Die Sicherheitslage in der Türkei zeige, dass es am Wochenende eine freie, faire und demokratische Parlamentswahl brauche, sagte die SPD-Politikerin Michelle Müntefering im DLF. Die Sicherheitslage sei angespannt, der Friedensprozess mit den Kurden müsse fortgesetzt werden, so die Vorsitzende der deutsch-türkischen Parlamentariergruppe.

Michelle Müntefering im Gespräch mit Christiane Kaess | 30.10.2015
    Die SPD-Bundestagsabgeordnete Michelle Müntefering.
    Die SPD-Bundestagsabgeordnete Michelle Müntefering. (picture alliance / dpa / Karlheinz Schindler)
    Eine Große Koalition aus AKP und CHP hält Müntefering in der Türkei für wahrscheinlich. Das hänge allerdings davon ab, ob Staatspräsident Recep Tayyip Erdogan bereit sei, die Macht zu teilen. Er hatte Neuwahlen angesetzt, nachdem Koalitionsverhandlungen zwischen beiden Parteien nach der Wahl im vergangenen Juni gescheitert waren. Dass eine weitere Abstimmung angesetzt werde, sei nicht wahrscheinlich: "Man kann nicht einfach weiterwählen", so Müntefering.

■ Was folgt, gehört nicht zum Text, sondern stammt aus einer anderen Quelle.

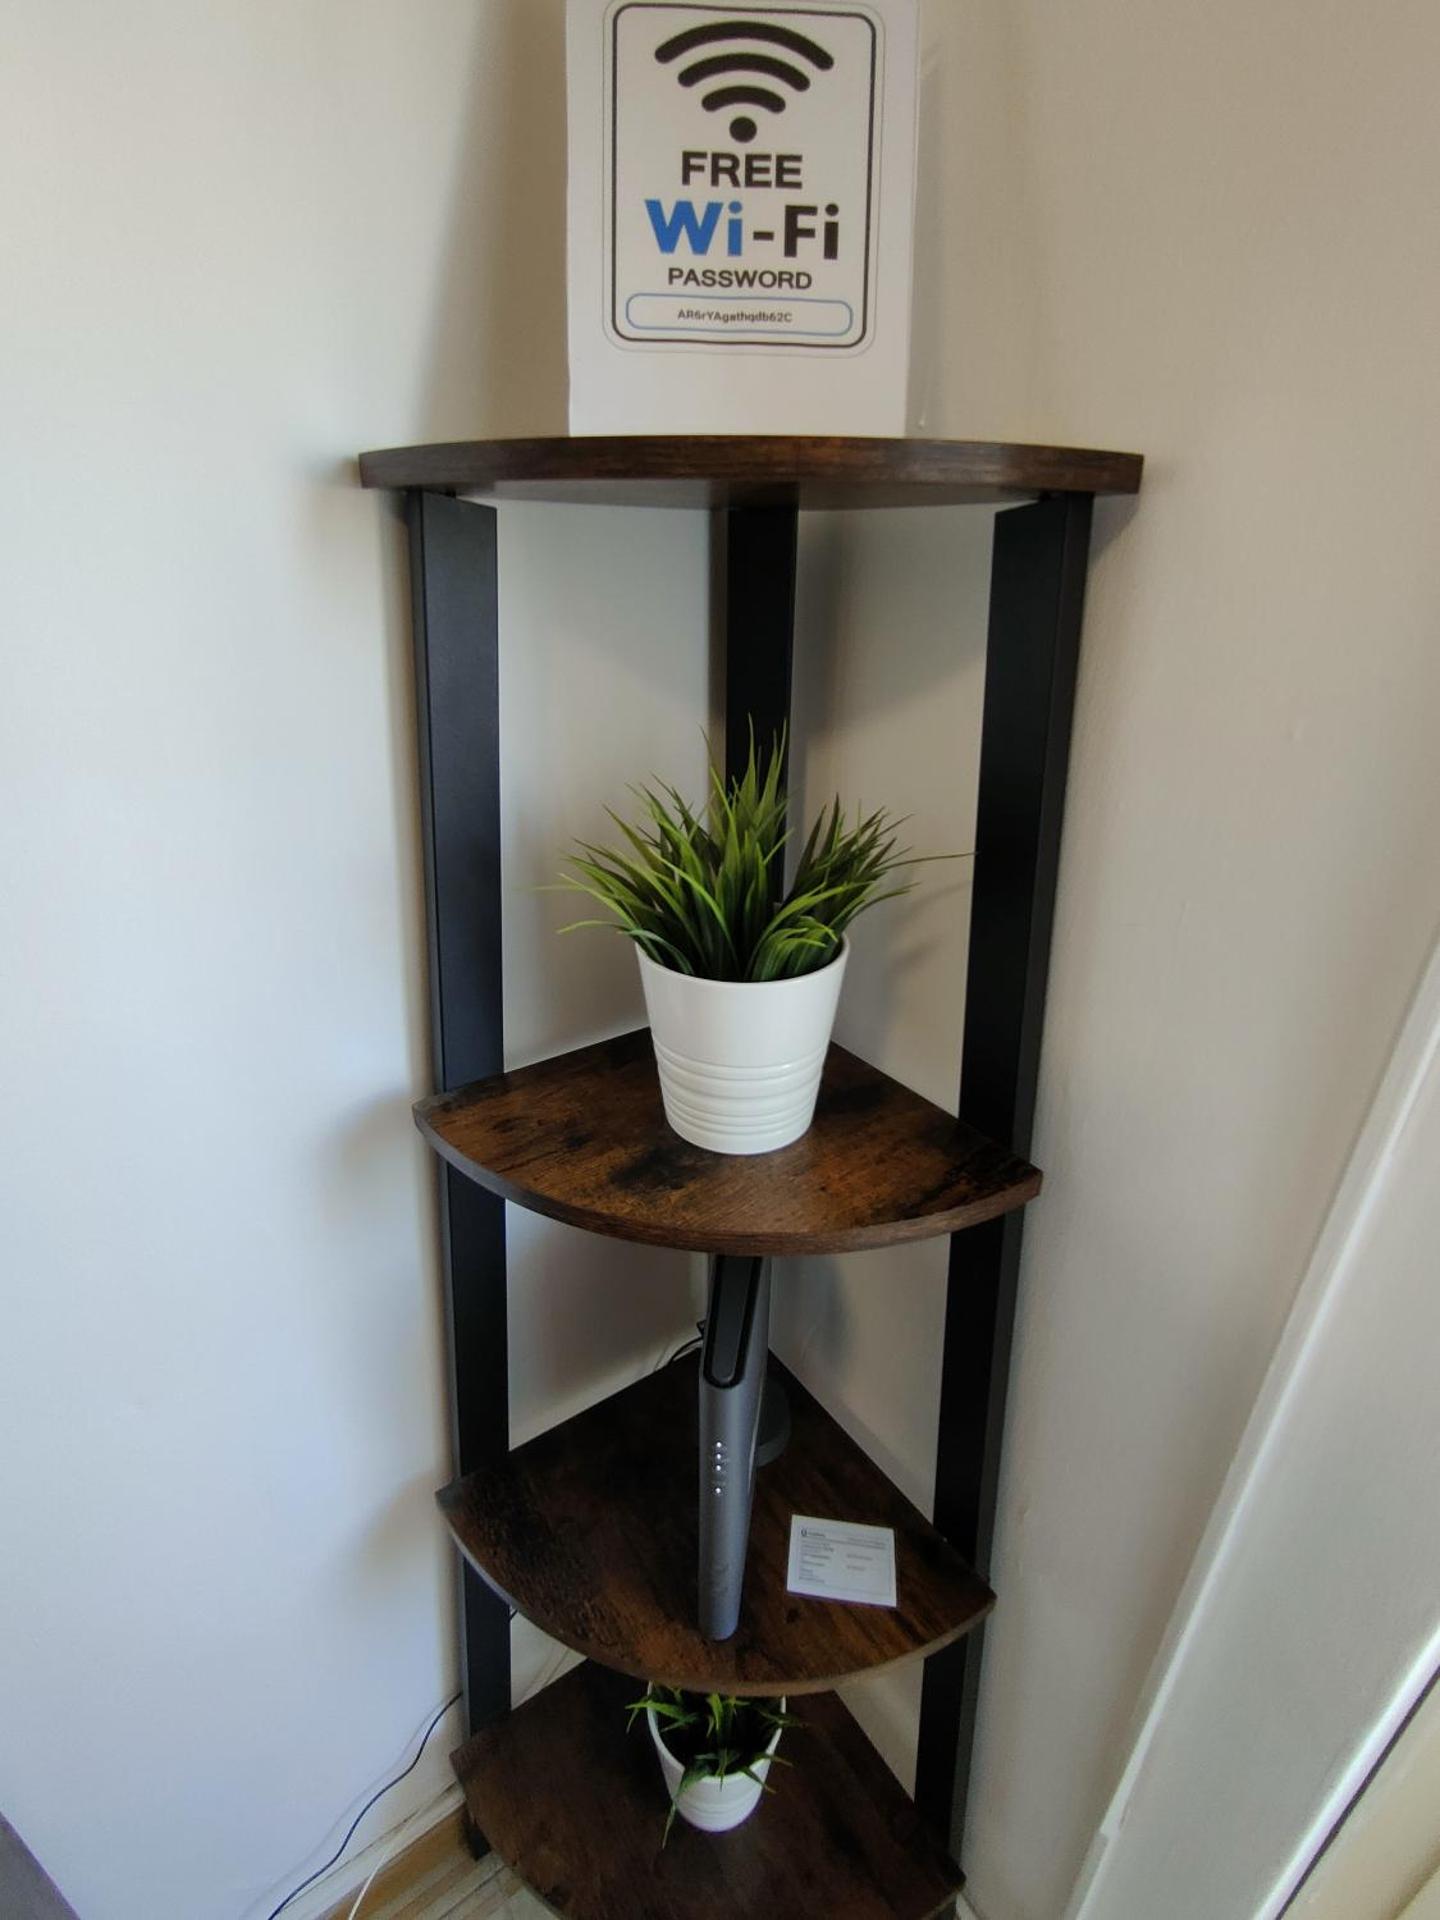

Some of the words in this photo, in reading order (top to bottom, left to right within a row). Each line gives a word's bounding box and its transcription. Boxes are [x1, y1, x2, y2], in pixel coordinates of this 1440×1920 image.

[681, 150, 803, 189] FREE
[644, 198, 839, 260] Wi-Fi
[667, 267, 812, 290] PASSWORD
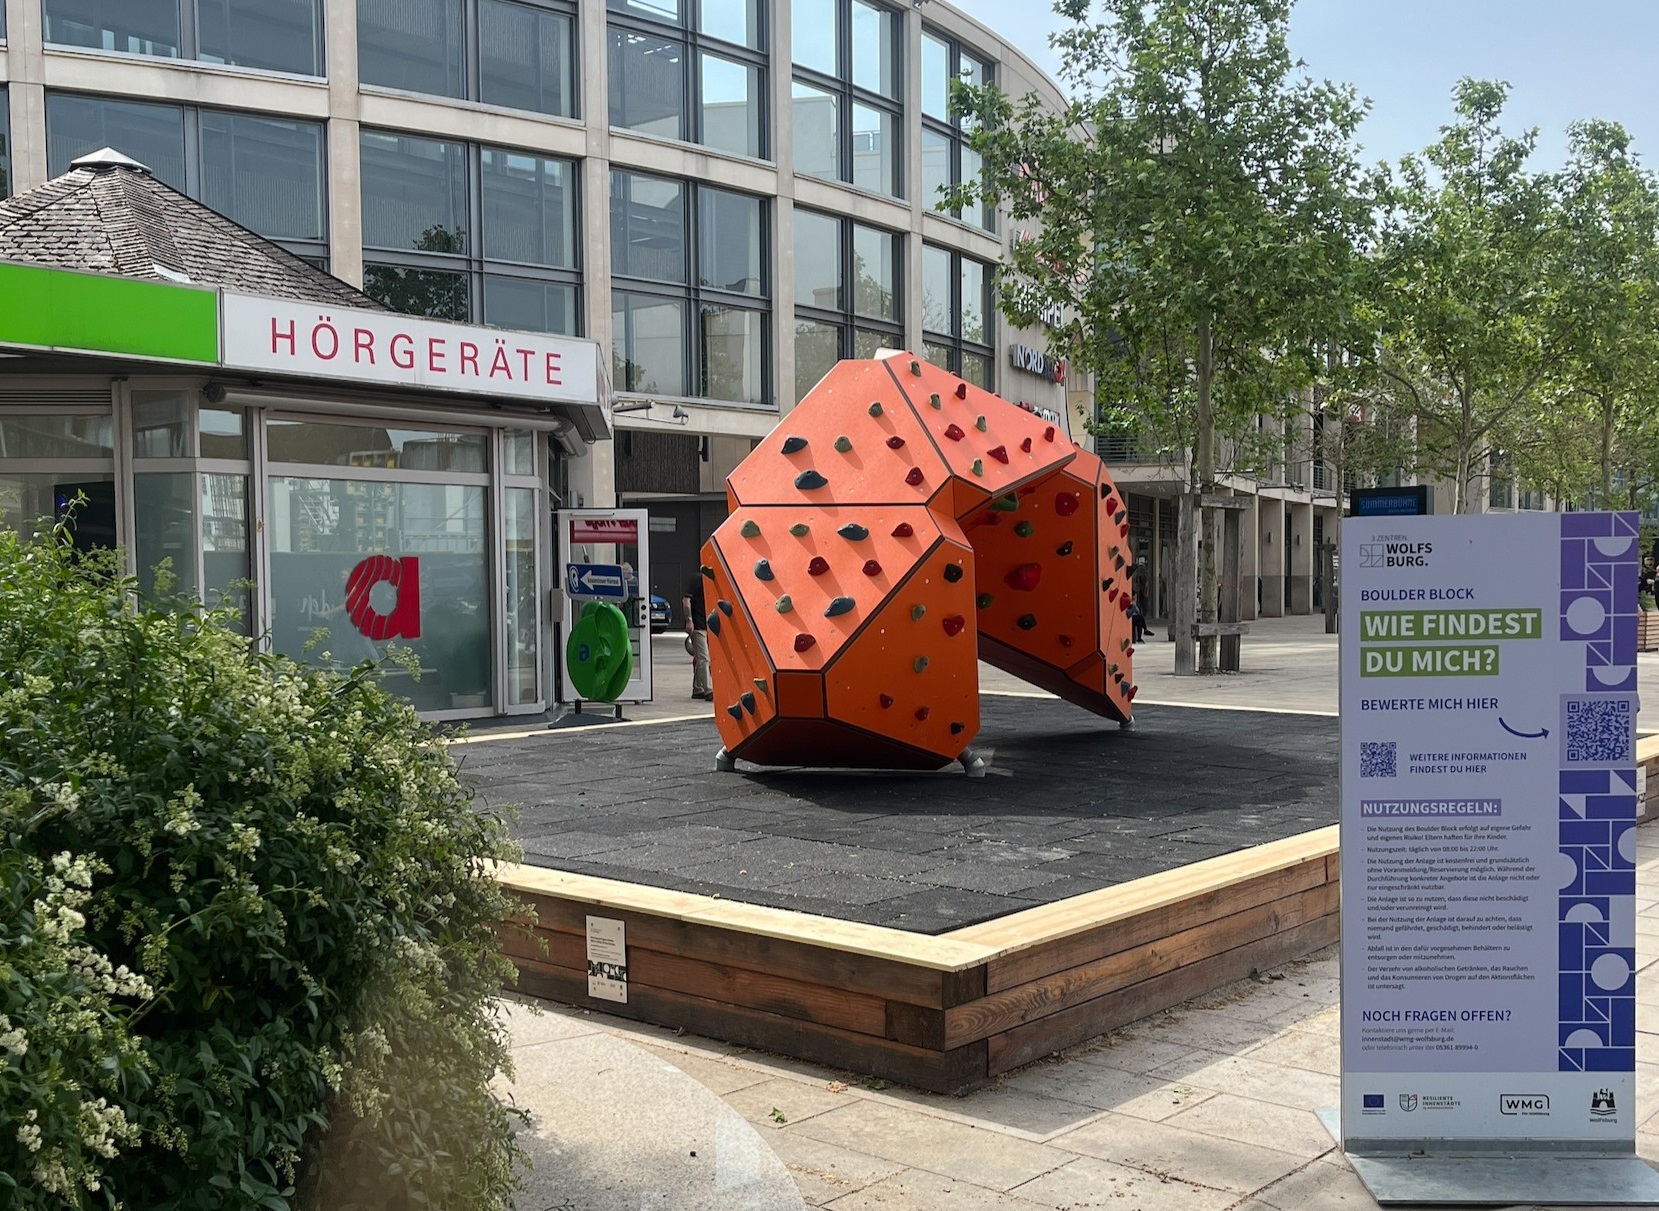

    Die SPD-Politikerin sagte, sie sei irritiert, dass Bundeskanzlerin Angela Merkel (CDU) "jetzt gerade entdeckt, wie wichtig die Türkei ist". In den vergangenen Jahren habe die EU die Türkei eher "weggedrückt". Die Flüchtlingskrise zeige, dass es dringend Gespräche brauche.
    Dass die EU-Kommission einen kritischen Bericht zur Menschenrechtslage in der Türkei erst nach der Parlamentswahl veröffentlichen will, kritisierte Müntefering. Sie forderte, solche Themen kritisch zu hinterfragen und offen mit Ankara zu diskutieren.

    Das Interview mit Michelle Müntefering in voller Länge:
    Christiane Kaess: Im Westen wurde es als Sieg der Demokratie gedeutet, als im Juni bei den Parlamentswahlen in der Türkei die AKP, also die Partei des türkischen Präsidenten Recep Tayyip Erdogan, keine absolute Mehrheit bekam. Erdogan hätte sich gewünscht, die Verfassung zu ändern und seine Macht auszubauen. Die sich anschließenden Neuverhandlungen scheiterten, Neuwahlen wurden ausgerufen und in den vergangenen Monaten hat sich die Situation in der Türkei weiter zugespitzt. Die Regierung geht immer härter gegen die verbotene kurdische Arbeiterpartei PKK vor und auch gegen Regimekritiker. Die Europäische Union und vor allem Deutschland sehen sich dennoch genötigt, Erdogan trotz seines harten Kurses entgegenzukommen - wegen der Flüchtlinge, die von dort aus nach Europa aufbrechen. Visaerleichterungen und Geld gehören zu den Wünschen der Türkei, die jetzt diskutiert werden und bei denen es nicht unwahrscheinlich ist, dass die EU dem Land weit entgegenkommen wird, im Gegenzug dafür, dass die Türkei den Zustrom von Flüchtlingen nach Europa bremst. - Verbunden bin ich jetzt mit Michelle Müntefering von der SPD. Sie ist die Vorsitzende der deutsch-türkischen Parlamentariergruppe. Guten Morgen!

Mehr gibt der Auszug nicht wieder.